This task calls for every entry below to be repeated exactly, without the pictures.

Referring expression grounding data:
-=-=-
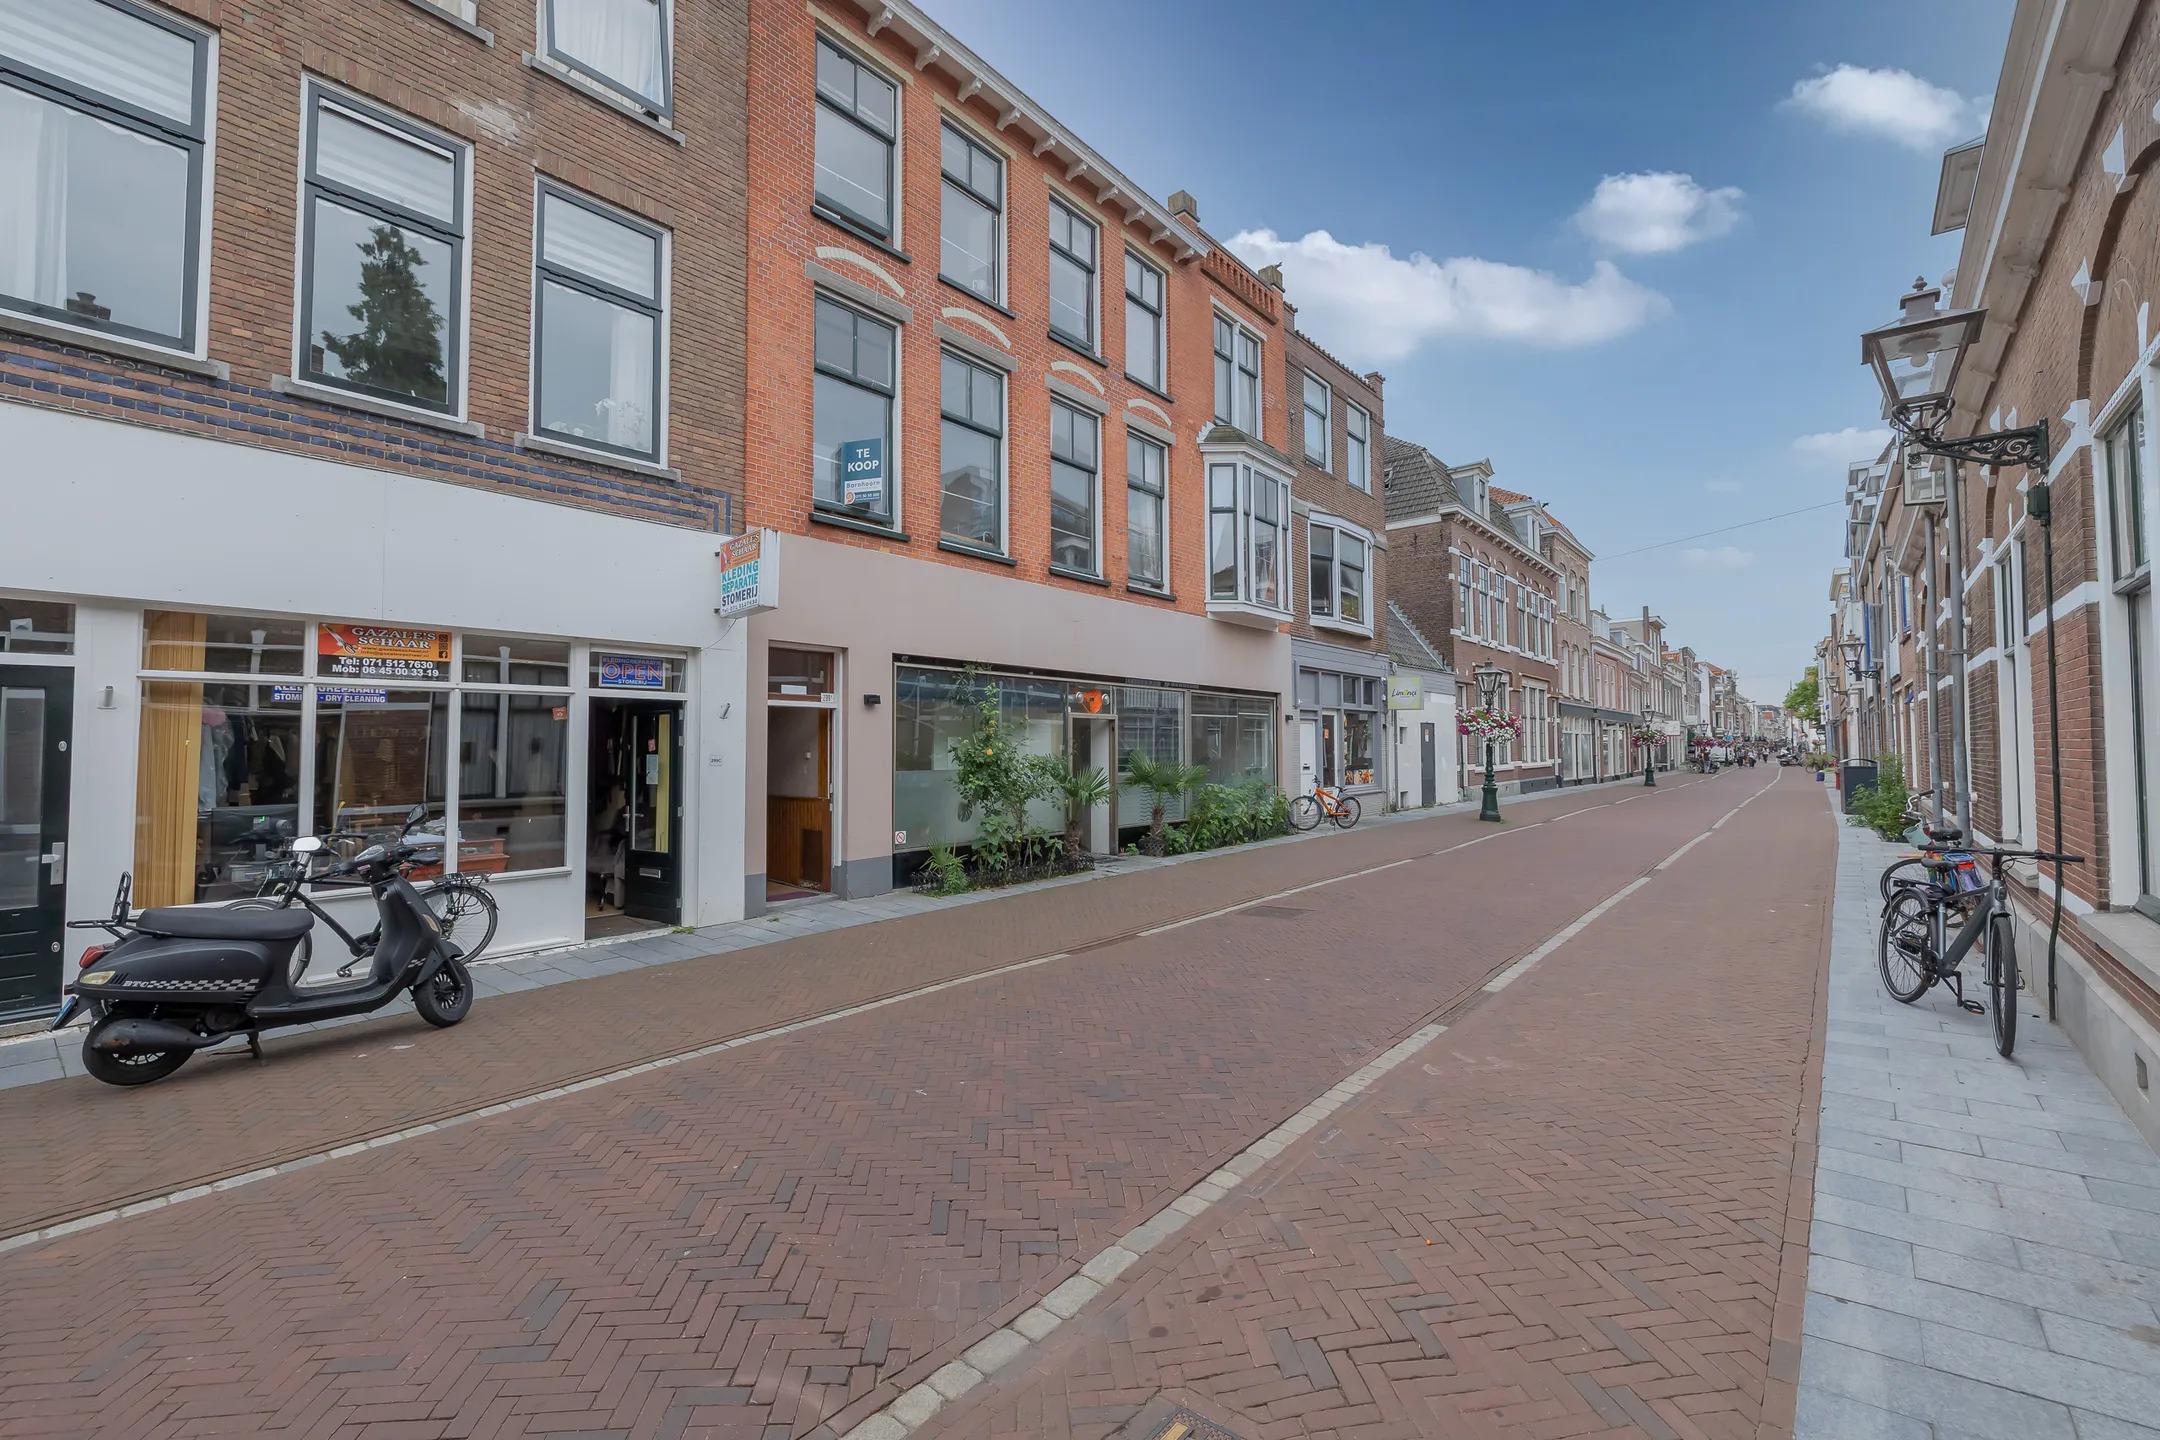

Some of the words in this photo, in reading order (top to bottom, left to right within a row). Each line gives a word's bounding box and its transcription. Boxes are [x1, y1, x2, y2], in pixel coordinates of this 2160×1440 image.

[856, 448, 870, 458] TE
[847, 460, 879, 472] KOOP
[846, 481, 880, 489] Barnhoorn
[730, 533, 760, 551] GAZALE'S
[731, 543, 757, 558] SCHAAR
[722, 560, 759, 583] KLEDING
[722, 573, 758, 595] REPARATIE
[722, 585, 758, 607] STOMERIJ
[351, 627, 437, 640] GAZALE'S
[358, 637, 431, 649] SCHAAR
[339, 656, 360, 665] Tel:
[362, 658, 382, 666] 071
[386, 659, 405, 668] 512
[408, 660, 433, 669] 7630
[332, 664, 360, 673] Mob:
[362, 666, 376, 674] 06
[379, 667, 394, 675] 45
[395, 668, 408, 676] 00
[410, 669, 424, 677] 33
[426, 669, 439, 677] 19
[602, 662, 662, 681] OPEN
[325, 694, 342, 702] DRY
[344, 695, 386, 703] CLEANING
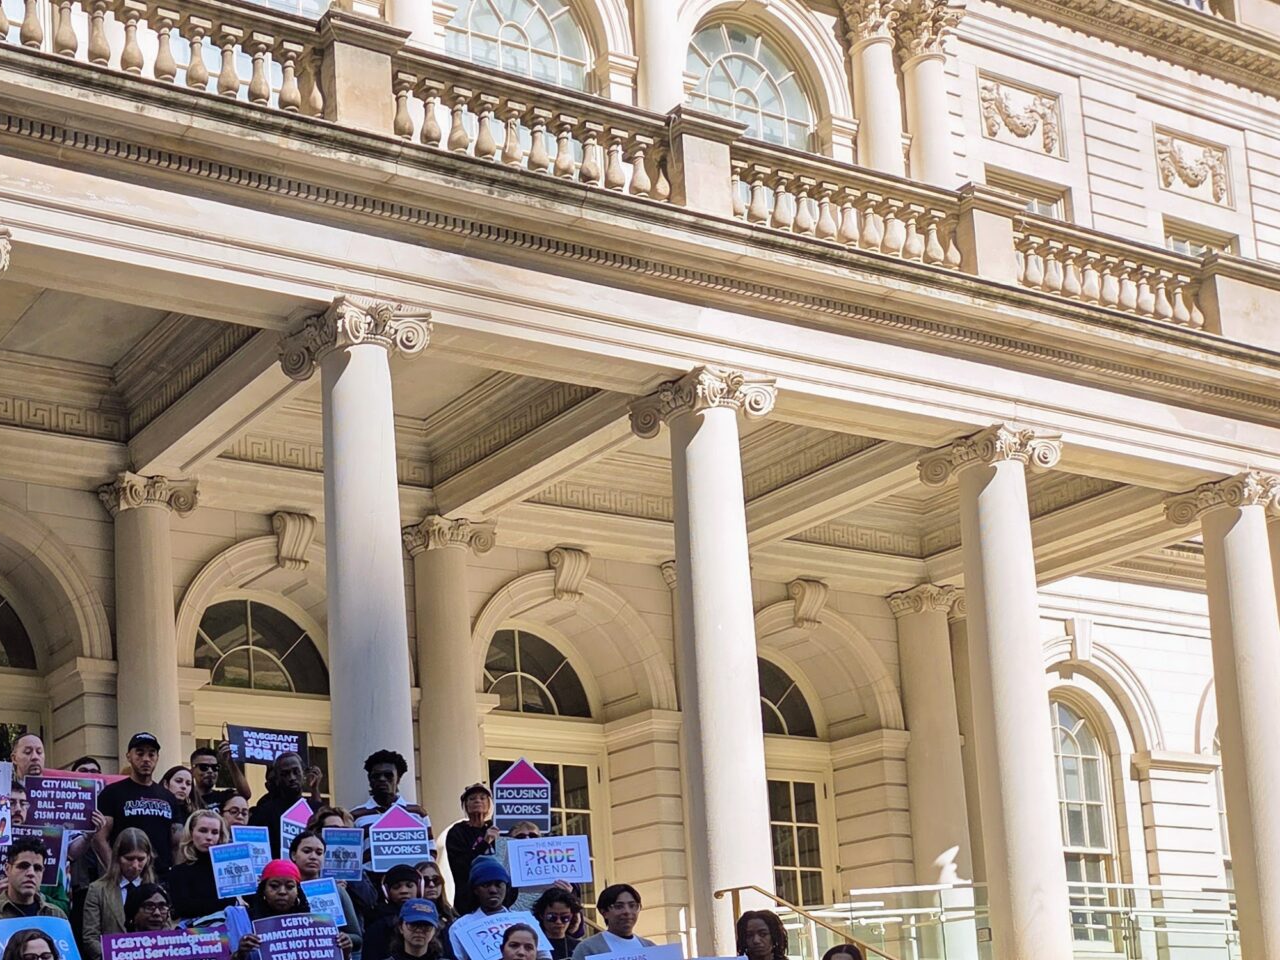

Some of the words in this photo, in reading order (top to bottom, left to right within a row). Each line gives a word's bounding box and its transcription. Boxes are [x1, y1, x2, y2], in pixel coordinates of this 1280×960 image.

[243, 731, 299, 743] IMMIGRANT
[244, 739, 299, 752] JUSTICE
[245, 746, 273, 761] FOR
[41, 780, 60, 788] CITY
[30, 790, 55, 798] DON'T
[56, 791, 77, 800] DROP
[78, 792, 92, 800] THE
[497, 789, 547, 799] HOUSING
[37, 801, 55, 809] BALL
[64, 802, 85, 810] FUND
[501, 805, 542, 814] WORKS
[55, 811, 71, 819] FOR
[373, 832, 424, 841] HOUSING
[379, 845, 422, 854] WORKS
[524, 848, 576, 867] PRIDE
[526, 865, 577, 877] AGENDA
[280, 916, 314, 927] LGBTQ+
[111, 936, 156, 949] LGBTQ+
[157, 930, 221, 943] Immigrant
[257, 928, 315, 942] IMMIGRANT
[315, 926, 337, 936] LIVES
[269, 941, 288, 952] ARE
[289, 940, 307, 950] NOT
[308, 940, 315, 948] A
[315, 938, 333, 947] LINE
[145, 945, 192, 959] Services
[192, 943, 222, 955] Fund
[297, 951, 310, 960] TO
[310, 949, 334, 959] DELAY
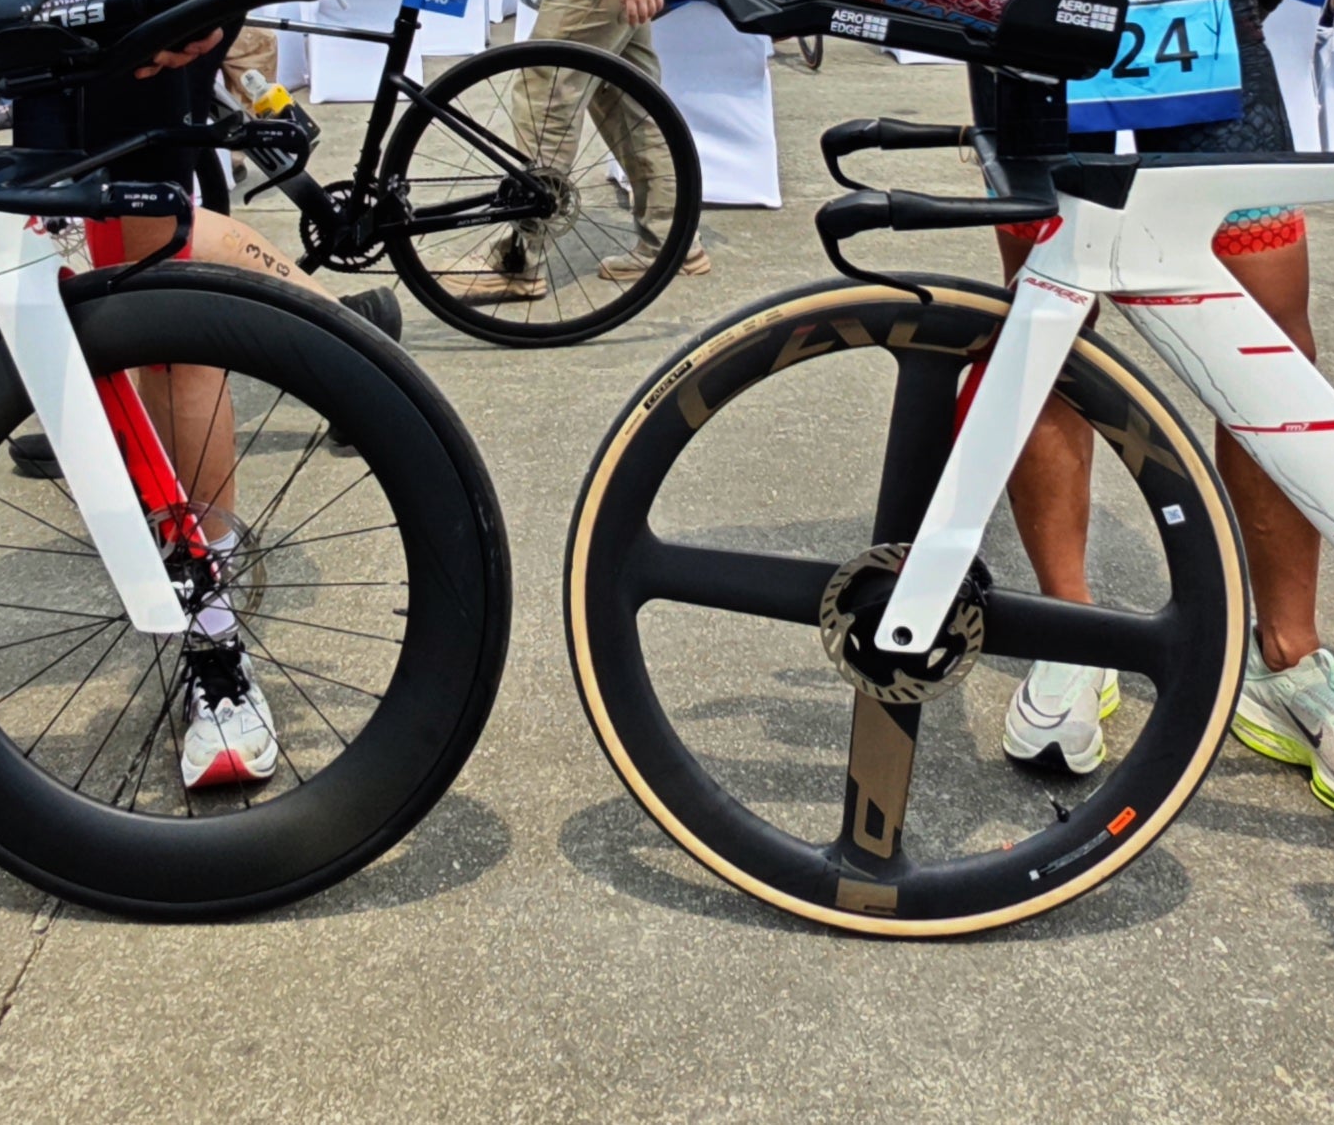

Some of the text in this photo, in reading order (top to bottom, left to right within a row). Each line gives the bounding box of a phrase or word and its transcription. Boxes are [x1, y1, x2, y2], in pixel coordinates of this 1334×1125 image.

[831, 9, 864, 24] AERO
[1056, 11, 1091, 26] EDGE
[830, 21, 862, 36] EDGE
[245, 243, 291, 277] 348
[1023, 277, 1089, 307] AVENGER
[677, 318, 1187, 479] CADX
-=-=-
__Exercise answer__:
Some of the words in this photo, in reading order (top to bottom, left to right within a row). Each line gives a word's bounding box and its transcription. Boxes are [x1, y1, x2, y2], in pixel coordinates of this 2160×1440 image.

[856, 448, 870, 458] TE
[847, 460, 879, 472] KOOP
[846, 481, 880, 489] Barnhoorn
[730, 533, 760, 551] GAZALE'S
[731, 543, 757, 558] SCHAAR
[722, 560, 759, 583] KLEDING
[722, 573, 758, 595] REPARATIE
[722, 585, 758, 607] STOMERIJ
[351, 627, 437, 640] GAZALE'S
[358, 637, 431, 649] SCHAAR
[339, 656, 360, 665] Tel:
[362, 658, 382, 666] 071
[386, 659, 405, 668] 512
[408, 660, 433, 669] 7630
[332, 664, 360, 673] Mob:
[362, 666, 376, 674] 06
[379, 667, 394, 675] 45
[395, 668, 408, 676] 00
[410, 669, 424, 677] 33
[426, 669, 439, 677] 19
[602, 662, 662, 681] OPEN
[325, 694, 342, 702] DRY
[344, 695, 386, 703] CLEANING

Some of the words in this photo, in reading order (top to bottom, left to right within a row). Each line gives a word's bounding box and its transcription. Boxes are [x1, y1, x2, y2], in pixel coordinates of this 1280×960 image.

[243, 731, 299, 743] IMMIGRANT
[244, 739, 299, 752] JUSTICE
[245, 746, 273, 761] FOR
[41, 780, 60, 788] CITY
[30, 790, 55, 798] DON'T
[56, 791, 77, 800] DROP
[78, 792, 92, 800] THE
[497, 789, 547, 799] HOUSING
[37, 801, 55, 809] BALL
[64, 802, 85, 810] FUND
[501, 805, 542, 814] WORKS
[55, 811, 71, 819] FOR
[373, 832, 424, 841] HOUSING
[379, 845, 422, 854] WORKS
[524, 848, 576, 867] PRIDE
[526, 865, 577, 877] AGENDA
[280, 916, 314, 927] LGBTQ+
[111, 936, 156, 949] LGBTQ+
[157, 930, 221, 943] Immigrant
[257, 928, 315, 942] IMMIGRANT
[315, 926, 337, 936] LIVES
[269, 941, 288, 952] ARE
[289, 940, 307, 950] NOT
[308, 940, 315, 948] A
[315, 938, 333, 947] LINE
[145, 945, 192, 959] Services
[192, 943, 222, 955] Fund
[297, 951, 310, 960] TO
[310, 949, 334, 959] DELAY

Some of the text in this photo, in reading order (top to bottom, left to right within a row). Each line gives the bounding box of a phrase or word and its transcription. Boxes are [x1, y1, x2, y2], in pixel coordinates of this 1334×1125 image.

[831, 9, 864, 24] AERO
[1056, 11, 1091, 26] EDGE
[830, 21, 862, 36] EDGE
[245, 243, 291, 277] 348
[1023, 277, 1089, 307] AVENGER
[677, 318, 1187, 479] CADX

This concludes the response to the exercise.